This question paper must not be removed from the examination hall.
Paper SBR
(a) Share based payments Manding is a listed manufacturer and retail conglomerate. At the start of the accounting period Manding implemented a share option plan for key employees. Under the terms of the plan staff were granted options to subscribe to the company9s shares for $10 per share if the individual remains a Manding employee at the end of a three-year vesting period. At the reporting date the company9s share price has fallen to $8 per share. On this basis the finance director considers that these options now have no value and accordingly their issue has not been reflected in the financial statements.
Discuss the appropriate accounting treatments which Manding should adopt for the issues identified. (3 marks)

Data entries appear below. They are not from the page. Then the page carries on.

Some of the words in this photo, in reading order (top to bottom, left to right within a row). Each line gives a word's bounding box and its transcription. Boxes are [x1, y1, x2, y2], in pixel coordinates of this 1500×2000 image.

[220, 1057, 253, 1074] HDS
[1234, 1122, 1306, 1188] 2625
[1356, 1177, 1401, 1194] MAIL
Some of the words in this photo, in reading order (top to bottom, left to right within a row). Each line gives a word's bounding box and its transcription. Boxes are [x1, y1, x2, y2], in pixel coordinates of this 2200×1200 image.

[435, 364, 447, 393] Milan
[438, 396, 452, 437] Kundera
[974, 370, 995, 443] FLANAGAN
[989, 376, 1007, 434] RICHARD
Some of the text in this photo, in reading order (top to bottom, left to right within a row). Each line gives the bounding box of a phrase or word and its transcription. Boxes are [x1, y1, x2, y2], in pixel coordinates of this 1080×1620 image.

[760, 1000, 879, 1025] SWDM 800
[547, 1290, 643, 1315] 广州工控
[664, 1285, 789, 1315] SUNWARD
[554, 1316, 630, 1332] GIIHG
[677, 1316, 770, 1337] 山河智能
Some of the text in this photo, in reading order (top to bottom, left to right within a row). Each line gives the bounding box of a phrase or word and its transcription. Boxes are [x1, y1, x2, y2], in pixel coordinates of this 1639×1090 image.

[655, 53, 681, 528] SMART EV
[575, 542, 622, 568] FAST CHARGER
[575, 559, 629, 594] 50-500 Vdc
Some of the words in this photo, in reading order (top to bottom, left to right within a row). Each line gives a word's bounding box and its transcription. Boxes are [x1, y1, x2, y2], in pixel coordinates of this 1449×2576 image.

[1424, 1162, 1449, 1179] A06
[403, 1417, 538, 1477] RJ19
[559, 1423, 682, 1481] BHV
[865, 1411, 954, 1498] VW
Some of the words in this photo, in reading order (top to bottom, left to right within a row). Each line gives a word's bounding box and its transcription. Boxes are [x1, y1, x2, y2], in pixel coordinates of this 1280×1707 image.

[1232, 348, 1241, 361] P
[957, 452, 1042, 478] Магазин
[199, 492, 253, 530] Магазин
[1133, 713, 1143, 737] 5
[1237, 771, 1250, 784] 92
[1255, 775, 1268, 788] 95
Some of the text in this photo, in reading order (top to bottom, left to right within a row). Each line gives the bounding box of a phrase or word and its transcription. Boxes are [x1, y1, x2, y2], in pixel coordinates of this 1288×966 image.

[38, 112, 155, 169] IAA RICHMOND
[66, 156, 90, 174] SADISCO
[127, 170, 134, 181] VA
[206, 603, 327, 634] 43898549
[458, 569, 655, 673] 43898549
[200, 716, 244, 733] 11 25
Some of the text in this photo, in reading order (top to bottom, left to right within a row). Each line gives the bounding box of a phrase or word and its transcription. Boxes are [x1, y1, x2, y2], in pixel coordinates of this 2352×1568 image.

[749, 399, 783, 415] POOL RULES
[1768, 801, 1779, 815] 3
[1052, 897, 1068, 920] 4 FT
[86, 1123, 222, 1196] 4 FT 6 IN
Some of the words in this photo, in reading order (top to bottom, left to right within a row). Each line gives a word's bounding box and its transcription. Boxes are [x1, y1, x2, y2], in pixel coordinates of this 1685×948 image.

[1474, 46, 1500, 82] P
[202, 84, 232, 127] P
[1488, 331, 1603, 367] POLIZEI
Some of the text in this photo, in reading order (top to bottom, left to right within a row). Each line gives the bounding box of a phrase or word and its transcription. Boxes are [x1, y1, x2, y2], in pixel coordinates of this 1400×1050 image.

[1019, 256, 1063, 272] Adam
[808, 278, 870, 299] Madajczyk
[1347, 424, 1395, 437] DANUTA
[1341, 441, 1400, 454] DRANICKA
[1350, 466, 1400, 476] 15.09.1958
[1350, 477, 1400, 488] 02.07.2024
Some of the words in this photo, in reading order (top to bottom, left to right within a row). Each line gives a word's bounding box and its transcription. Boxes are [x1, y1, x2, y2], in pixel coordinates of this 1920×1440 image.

(b) Acquisition of perfume brands Another company Corbel Co trades in the perfume sector. The current financial year end is 31 December 20X7. Corbel Co has acquired two other perfume brand names to prevent rival companies acquiring them.
The first perfume (Locust) has been sold successfully for many years and has an established market. The second is a new perfume which has been named after a famous actor (Clara) who intends to promote the product. The directors of Corbel Co believe that the two perfume brand names have an indefinite life.
Discuss the accounting issues relating to Corbel Co’s financial statements for the year ended 31 December 20X7 in accordance with IFRS standards on how to account for intangible assets with an indefinite life and whether the Locust and Clara perfume brand names can be regarded as having an indefinite life; (4 marks)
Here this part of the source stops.